I'd love to participate in a discussion/mastermind group here trying to apply Jay's concepts within a Fastlane context.

I hadn't seen this JV book from Jay before, thanks!

Jay is definitely all about finding companies that have loyal customers who'd willingly buy something else from those businesses... and companies that have production capacity but marketing weaknesses... and being the matchmaker, for a share of the loot. Makes sense to me!

I've seen a lot of businesses that already run ads on their receipts. If I buy three things at the grocery store, I get a foot of receipt paper because of all the ads on the back.

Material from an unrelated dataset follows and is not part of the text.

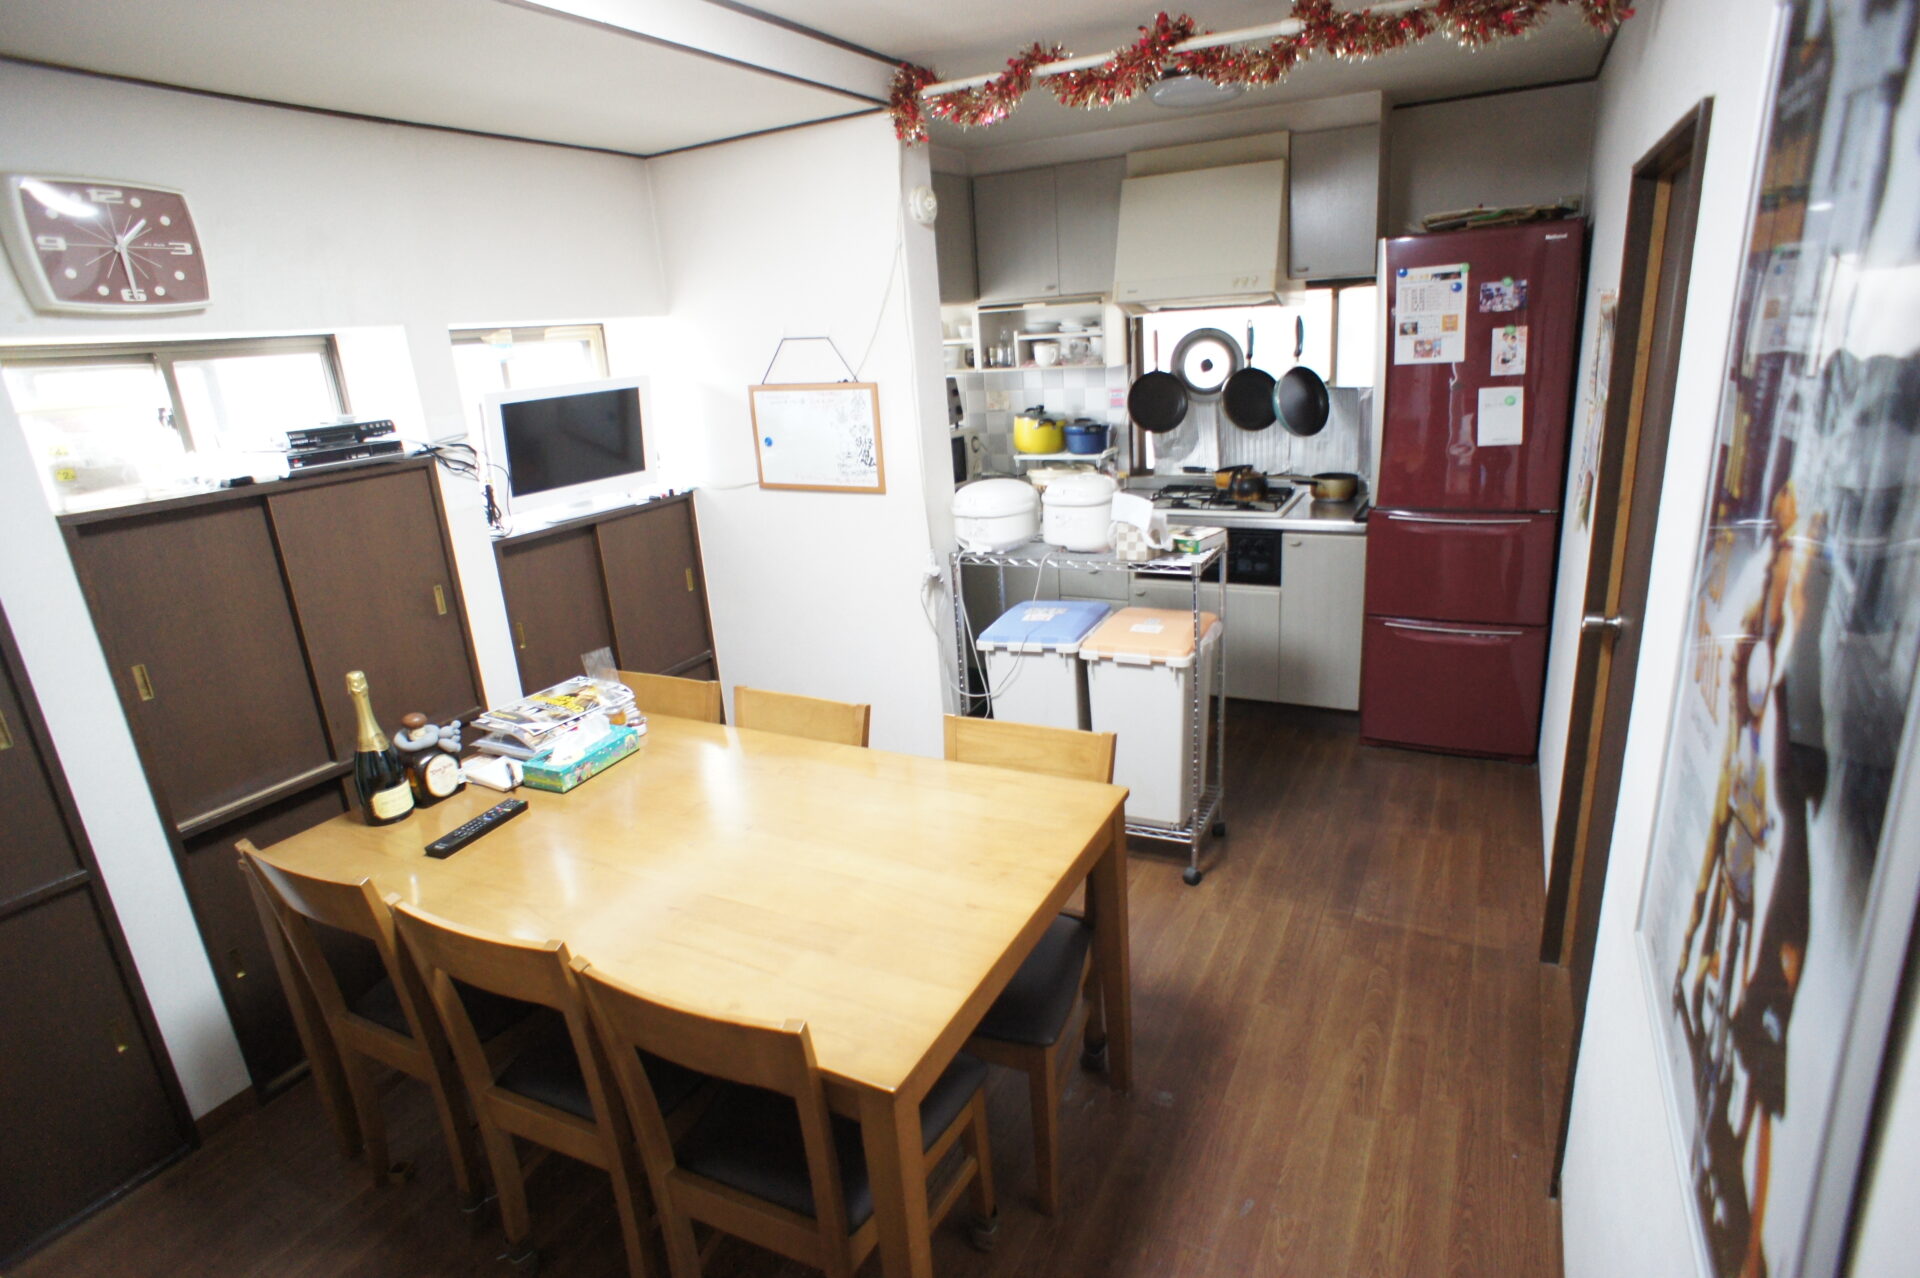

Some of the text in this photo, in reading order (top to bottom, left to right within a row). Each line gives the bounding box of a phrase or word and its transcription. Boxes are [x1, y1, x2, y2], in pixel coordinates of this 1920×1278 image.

You mentioned a lot of big box, chain and franchise stores. I'm not sure how much discretion the individual store managers would have for your marketing concept, without having to run it by Corporate.

As for what companies are already advertising a lot... simply sample your local newspaper, Yellow Pages, TV and radio stations, junk mail in your mailbox, etc. to see who's a big spender on traditional ads. But if they are using targeted direct mail lists, or some kind of stealthy online strategy, you might never find out!

There may be a local Business Journal or Advertising Trades publication for your town or state, who could easily tell you who are the top local advertisers in terms of dollar volume. Then, you'd need to narrow it down to who would do business with a little guy.

Could you get a foot in the door? Or would you be better off creating your clientele from lots of little companies, where you can walk in and ask to meet the owner directly? I don't know, I think it's something you should think through.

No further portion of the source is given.